Segment Start: Extracted data
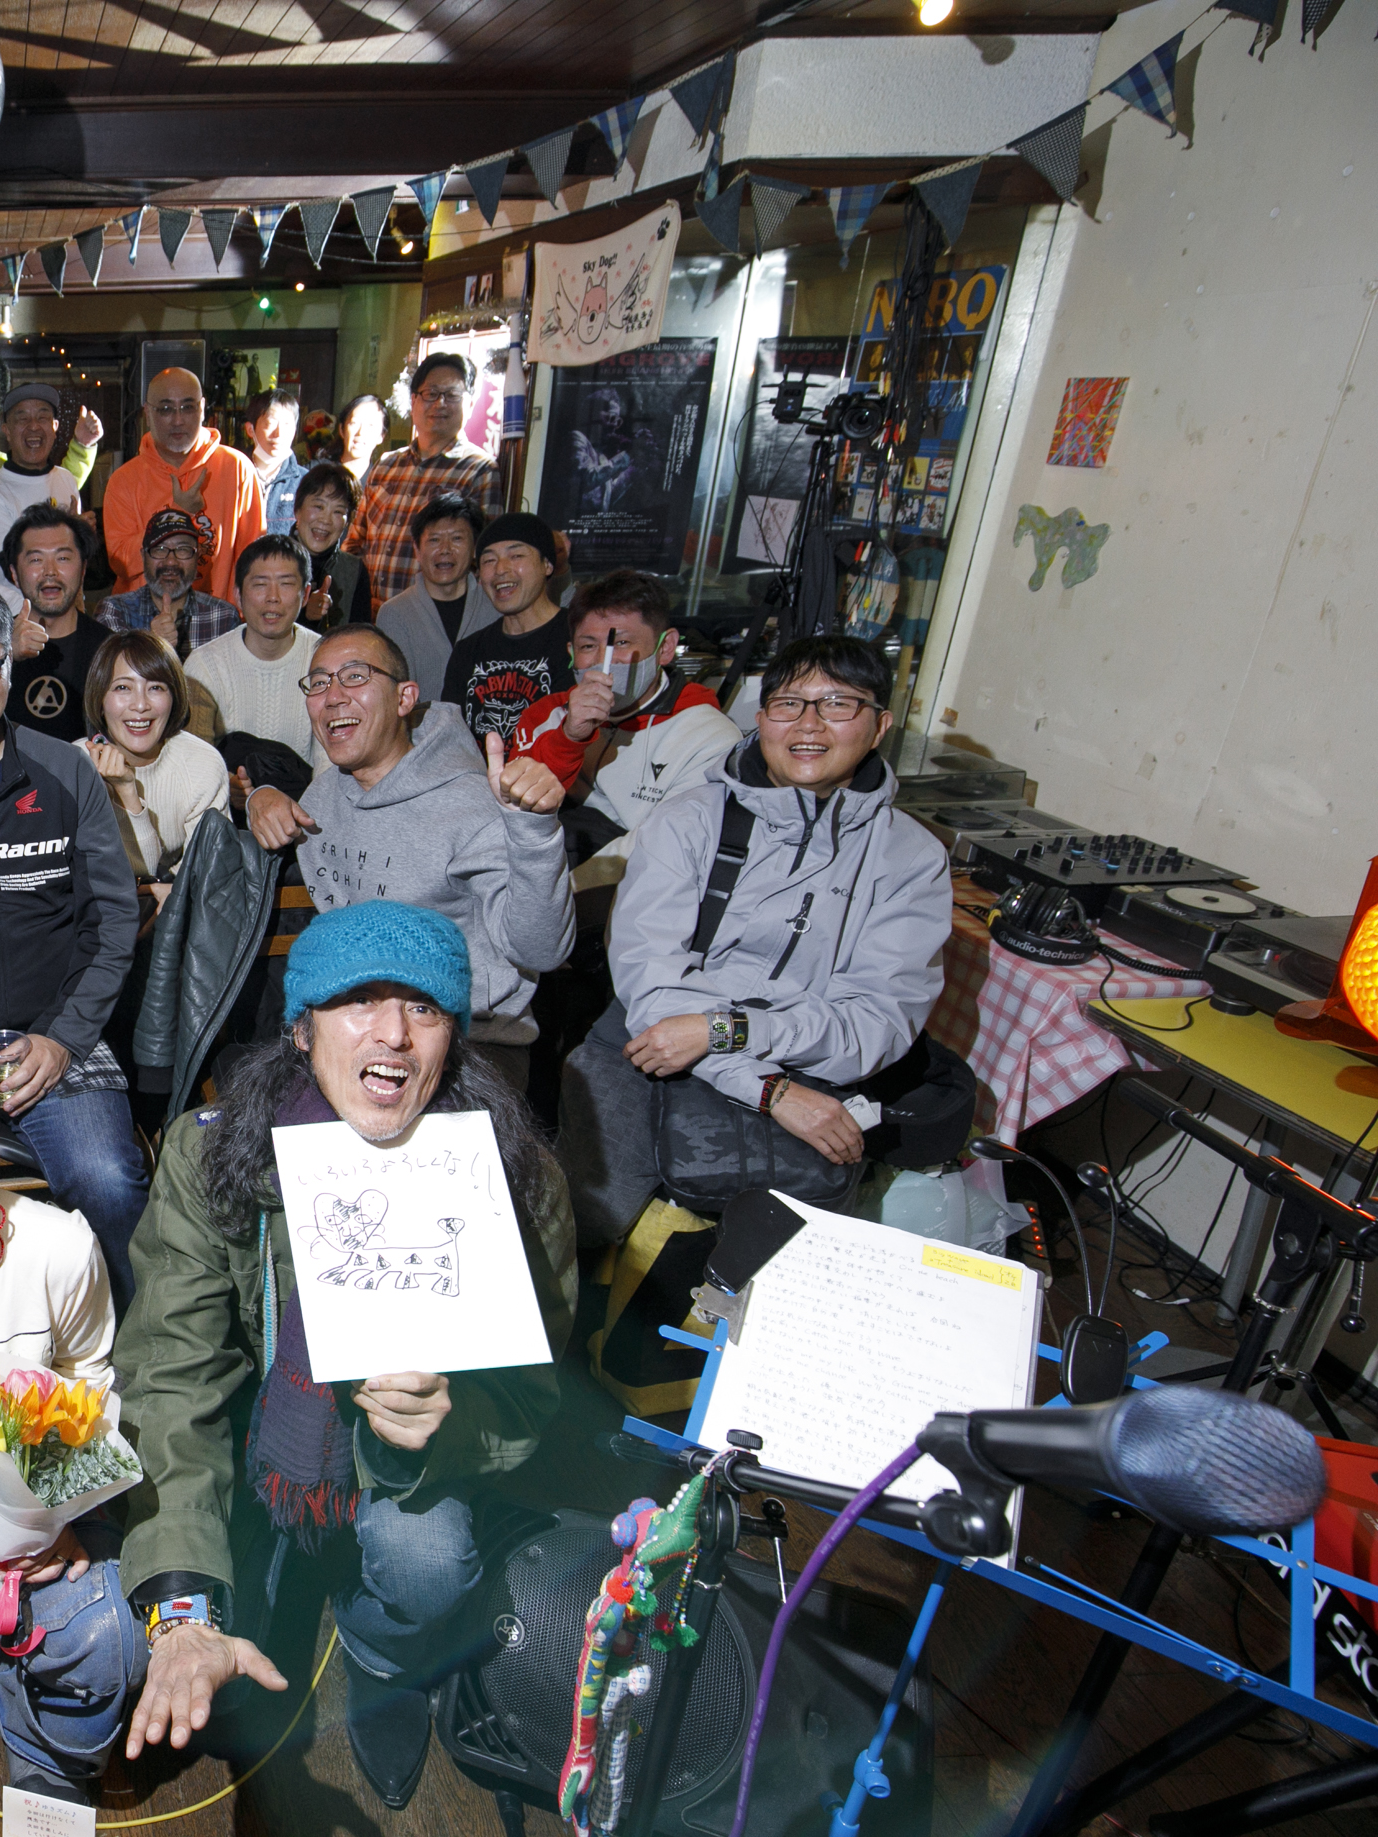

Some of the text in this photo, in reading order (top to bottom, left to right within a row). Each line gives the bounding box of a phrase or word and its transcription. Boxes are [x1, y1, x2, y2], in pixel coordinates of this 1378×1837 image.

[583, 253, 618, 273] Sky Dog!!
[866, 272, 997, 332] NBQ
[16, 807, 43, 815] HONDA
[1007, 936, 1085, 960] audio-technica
Segment End: Extracted data
From the first line to the last, restate the entries exactly, without pictures.

Some of the text in this photo, in reading order (top to bottom, left to right within a row). Each line gives the bounding box of a phrase or word and its transcription. Boxes are [x1, y1, x2, y2], in pixel coordinates of this 1378×1837 image.

[583, 253, 618, 273] Sky Dog!!
[866, 272, 997, 332] NBQ
[16, 807, 43, 815] HONDA
[1007, 936, 1085, 960] audio-technica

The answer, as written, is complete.